Presumably, in discussing students looking at theories, Seelke is referring to subjects they will be taught in school. Furthermore, since it is "theories on how life came about," including evolution (standard disclaimer: strictly speaking, evolutionary theory is not dependent on how life started), Seelke must be talking about science classes. And since he wants all scientific theories concerning how life came about taught to students, but doesn't (Heaven forfend!) want ID taught, it follows that, as far as Seelke is concerned, ID must not be a scientific theory, right?

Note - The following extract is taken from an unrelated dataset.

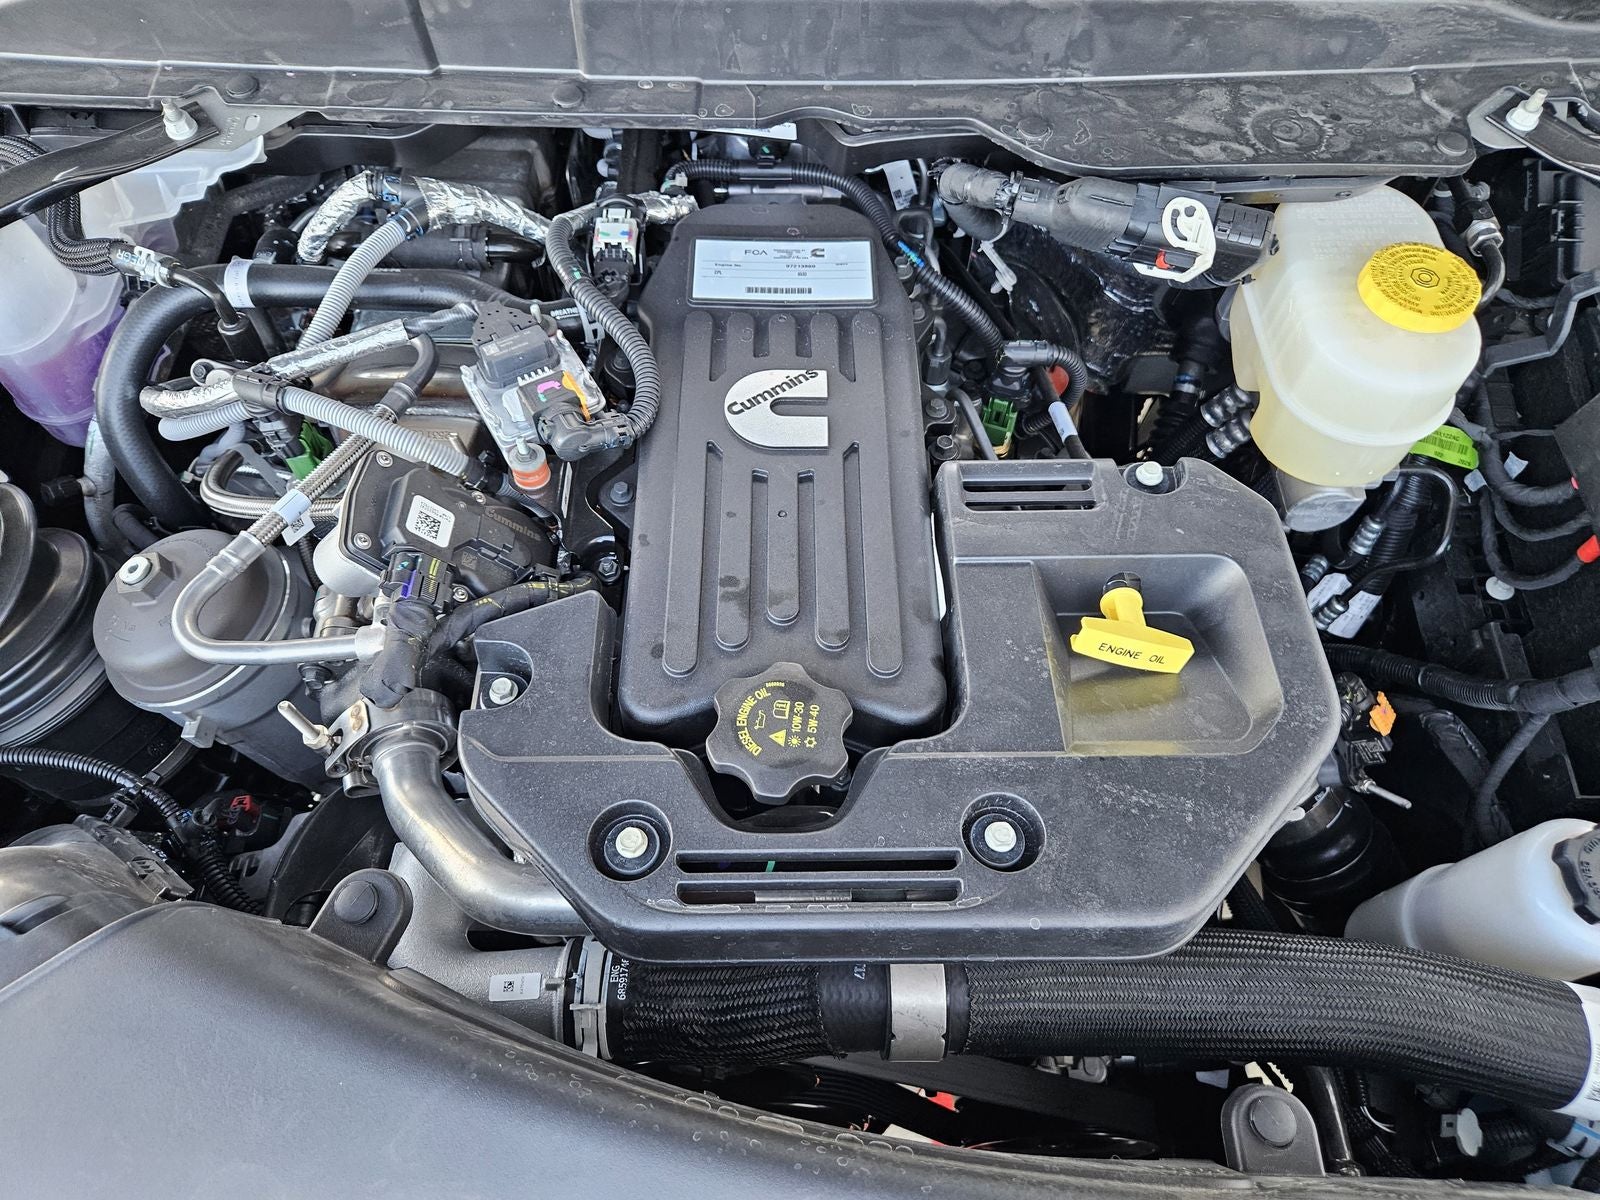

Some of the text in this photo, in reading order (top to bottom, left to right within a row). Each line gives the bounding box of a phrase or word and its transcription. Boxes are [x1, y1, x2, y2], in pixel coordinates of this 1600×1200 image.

Strangely, in 1999, Seelke seemed to think that ID was a viable area of scientific research:
Does intelligent design lend itself to a different set of research questions for experimental scientists? Are those questions also important to those favoring a neo–Darwinian explanation? I believe that the answer to both of these questions is "yes". ...
Much has been written about whether ID can result in a viable research program (see, for example, Moreland, 1994). I believe the time has come for ID proponents to be actively contributing to important research areas.